Cuvilliéstheater, 19.30 o'clock
Today
Tickets at the box office
Save date
Further dates follow
DAS KÄTHCHEN VON HEILBRONN (KÄTHCHEN OF HEILBRONN)
by Heinrich von Kleist in an adaptation by Elsa-Sophie Jach
Premiere 01. December 2022
Cuvilliéstheater
2 Hours 20 Minutes
No break

«Allowed! I am the luckiest of the people!»

No other play by Heinrich von Kleist inspires quite so many superlatives as «Käthchen of Heilbronn». It is not only the most successful, but also the most romantic, the most fairy tale-like and at the same time the most mysterious play that he wrote. And indeed, Kleist makes use of everything the theatre had to offer in 1807: a secret vigilante court, battles between knights, a burning castle, a cherub, plus devious plots, a poisoning and numerous intercepted letters. Kleist’s world, it seems, is in uproar. Only Käthchen, the daughter of an armourer from Heilbronn, refuses to let herself be taken in. She sticks resolutely to the course that was revealed to her in a dream. She remains on the heels of Count Wetter vom Strahl, who the dream foretold would be her great love. And because the world around Käthchen appears so chaotic and fairy tale-like, it makes her stubbornness and conviction seem all the more authentic.  
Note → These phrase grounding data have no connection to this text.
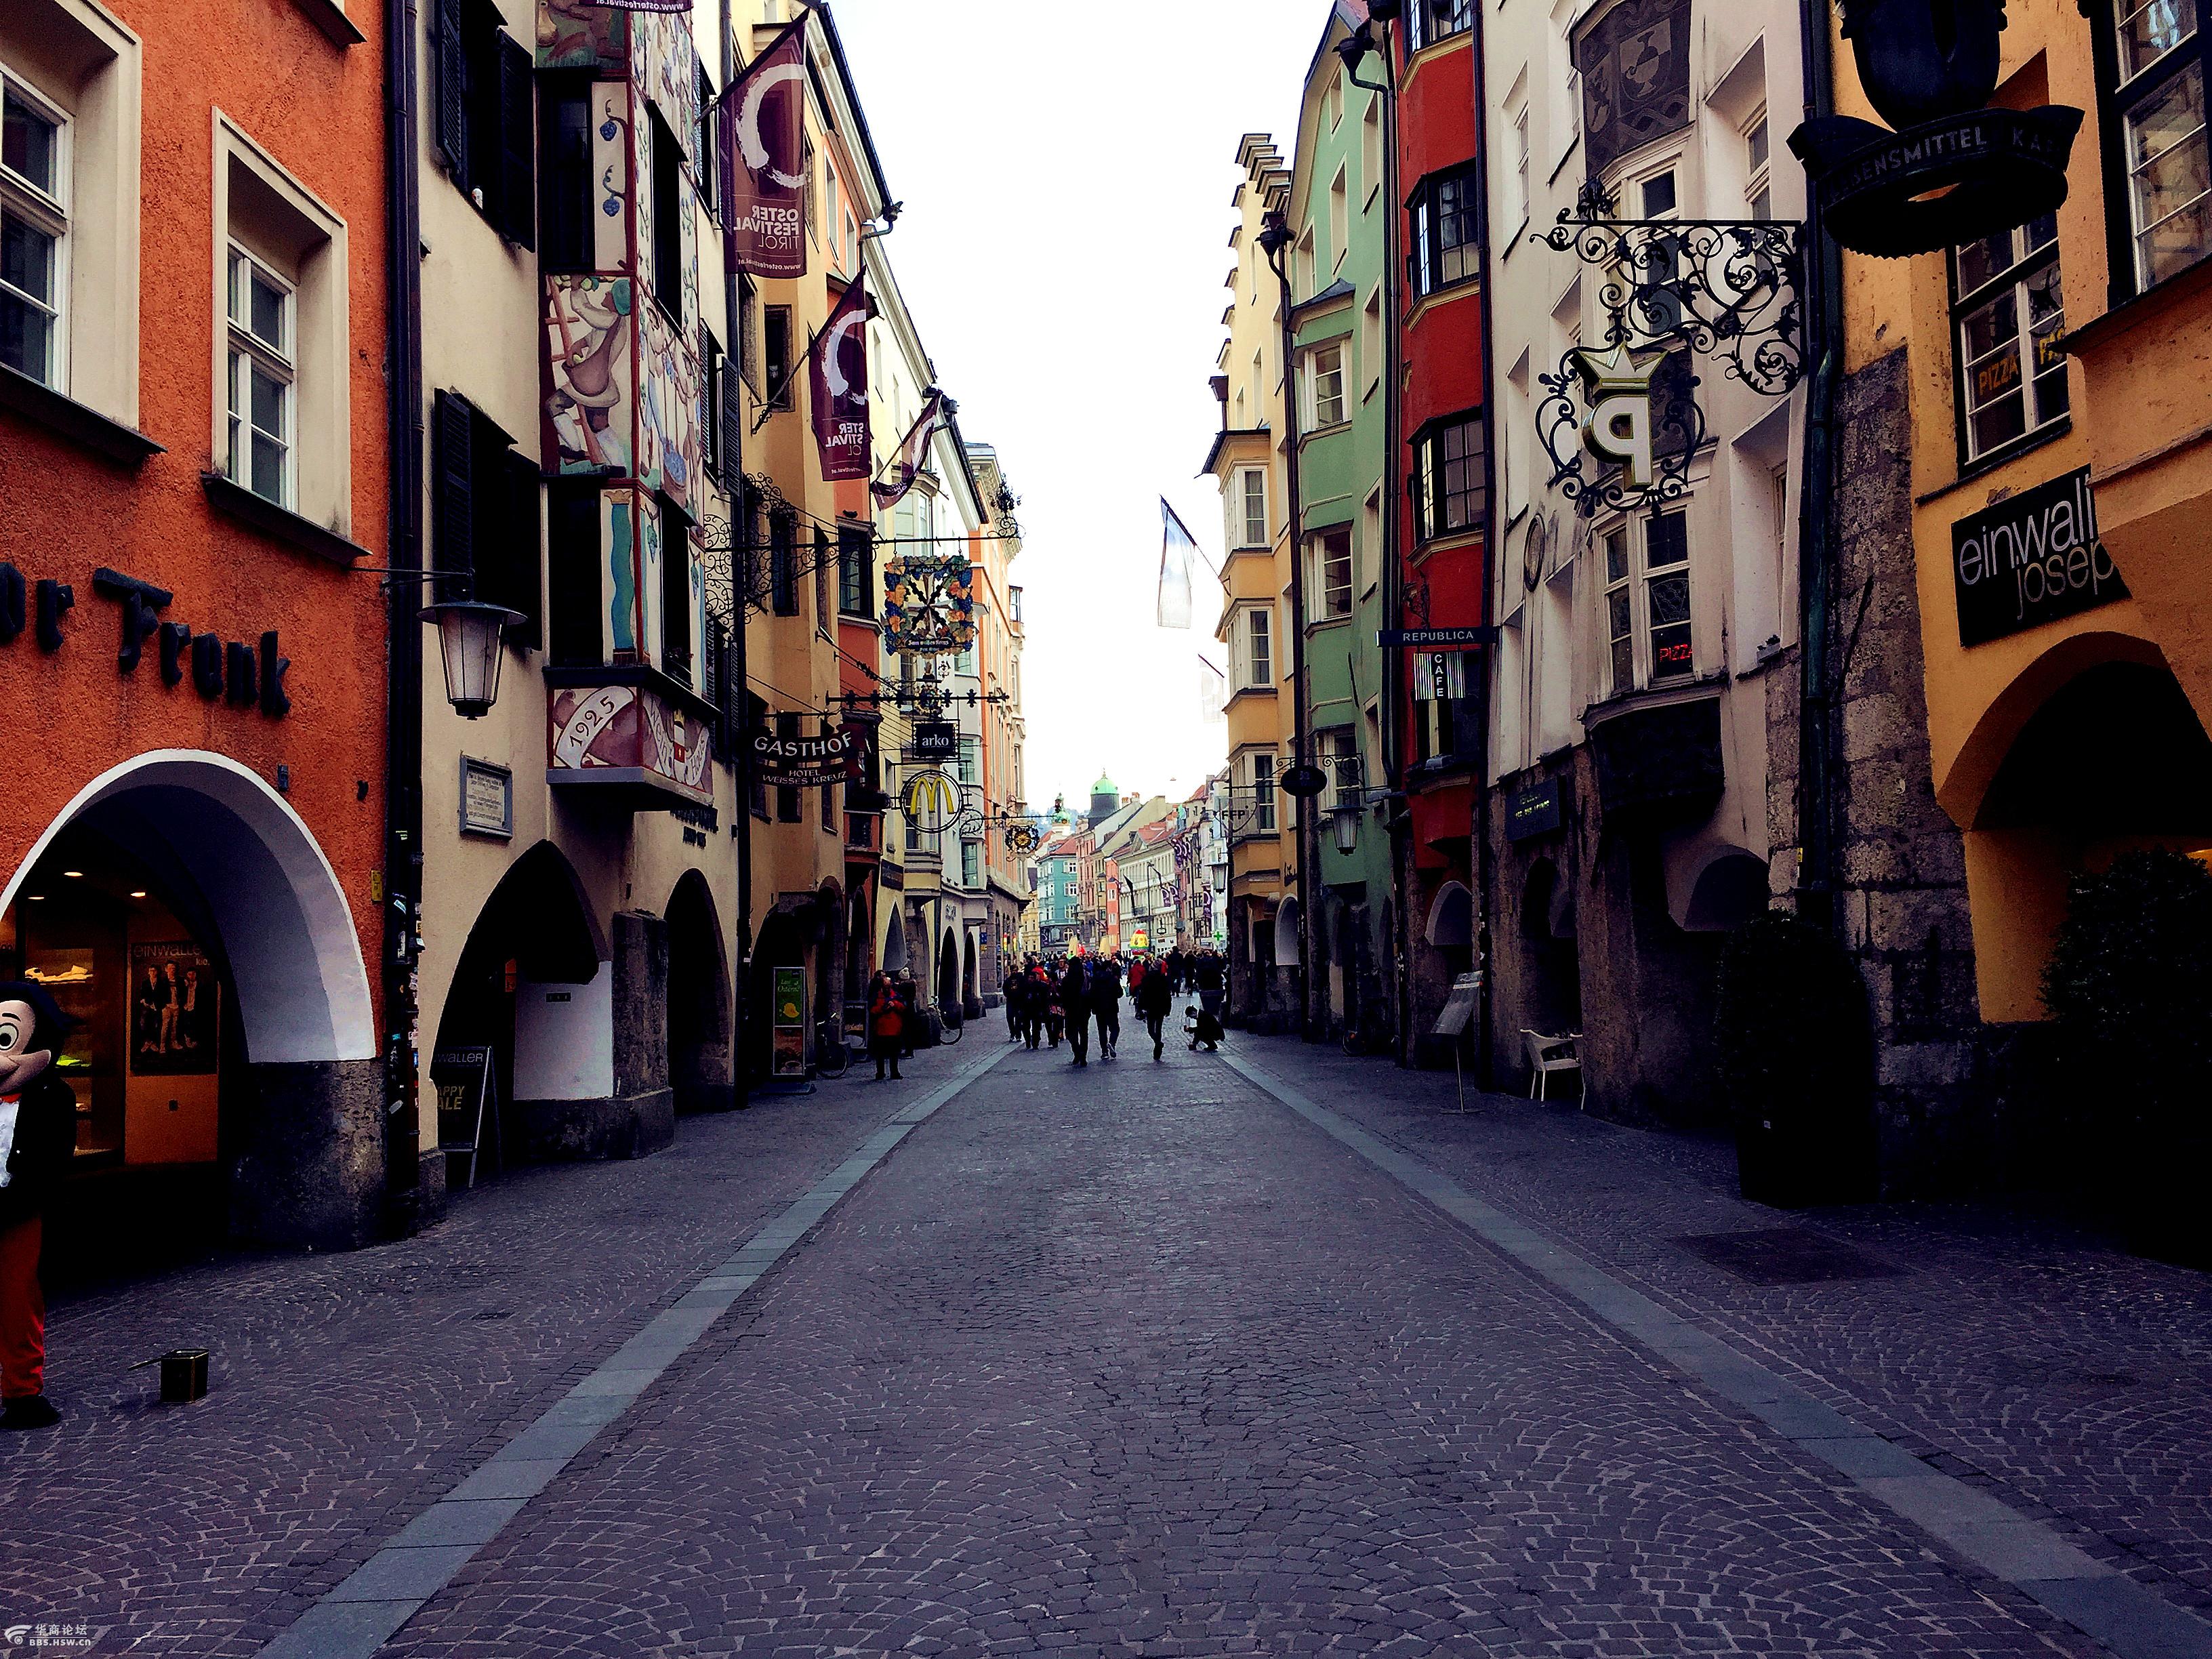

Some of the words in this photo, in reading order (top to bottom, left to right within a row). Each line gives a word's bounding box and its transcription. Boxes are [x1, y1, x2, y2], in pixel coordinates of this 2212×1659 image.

[1837, 125, 1987, 195] BENSMITTEL
[1403, 630, 1474, 642] REPUBLICA
[569, 695, 615, 748] 1925
[754, 731, 852, 757] GASTHOF
[922, 734, 949, 746] arko
[763, 775, 808, 785] WEISSES
[813, 771, 848, 784] KREUZ
[789, 769, 821, 777] HOTEL
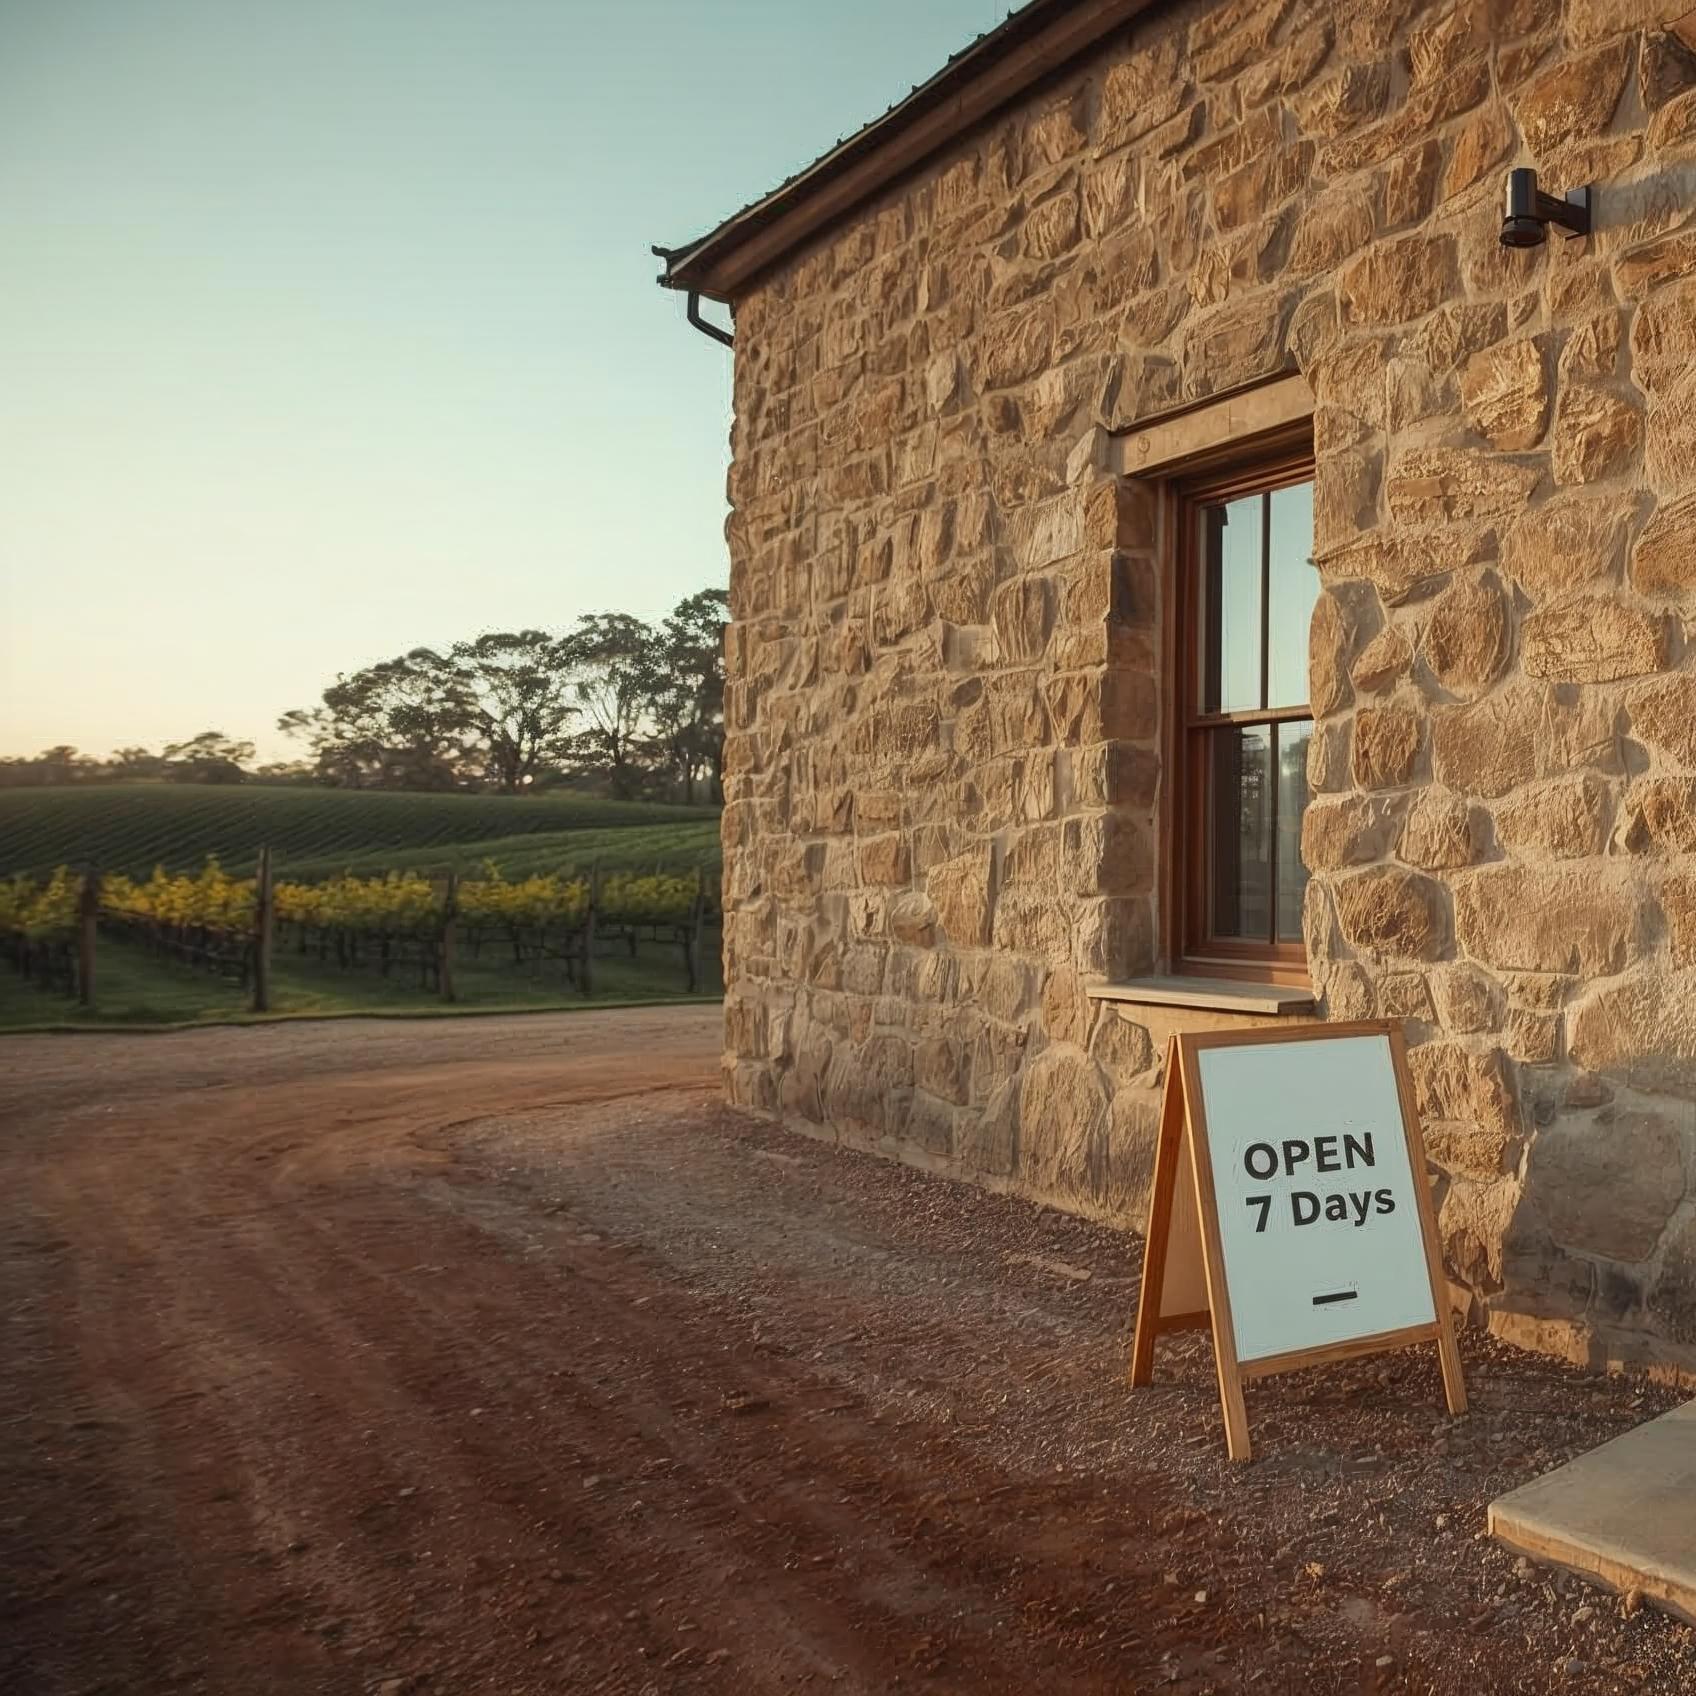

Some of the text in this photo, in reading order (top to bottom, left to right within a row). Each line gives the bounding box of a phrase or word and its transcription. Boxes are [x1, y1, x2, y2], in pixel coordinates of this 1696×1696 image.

[1243, 1131, 1376, 1181] OPEN
[1245, 1188, 1396, 1233] 7 Days
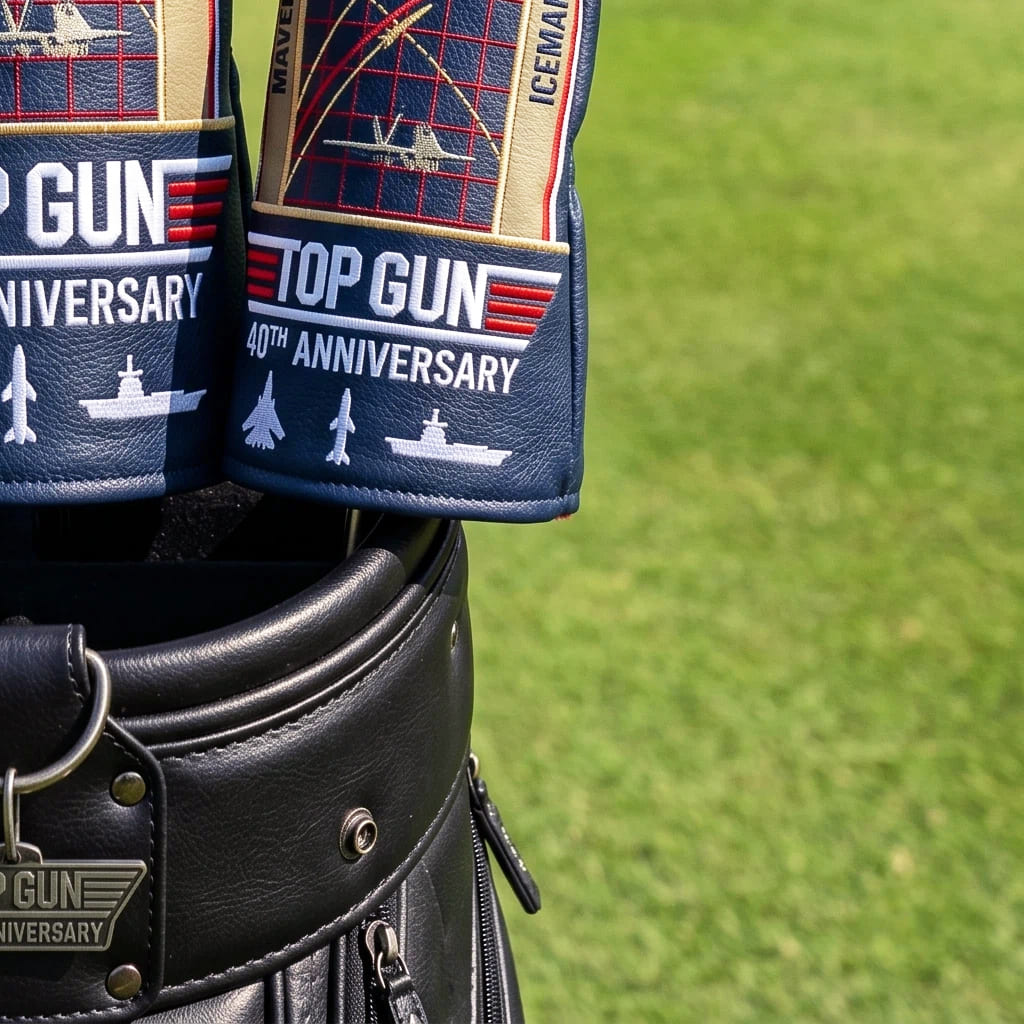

For Elsa-Sophie Jach, Resident Director at the Residenztheater, Käthchen is the alter ego of her creator. Kleist also felt he was misunderstood and was treated by many people as an oddball who remained convinced of his destiny as a writer despite many disappointments. Like him, his Käthchen is someone who fights for the word and for poetry. And she is an ally in his search for a partner who is worth loving.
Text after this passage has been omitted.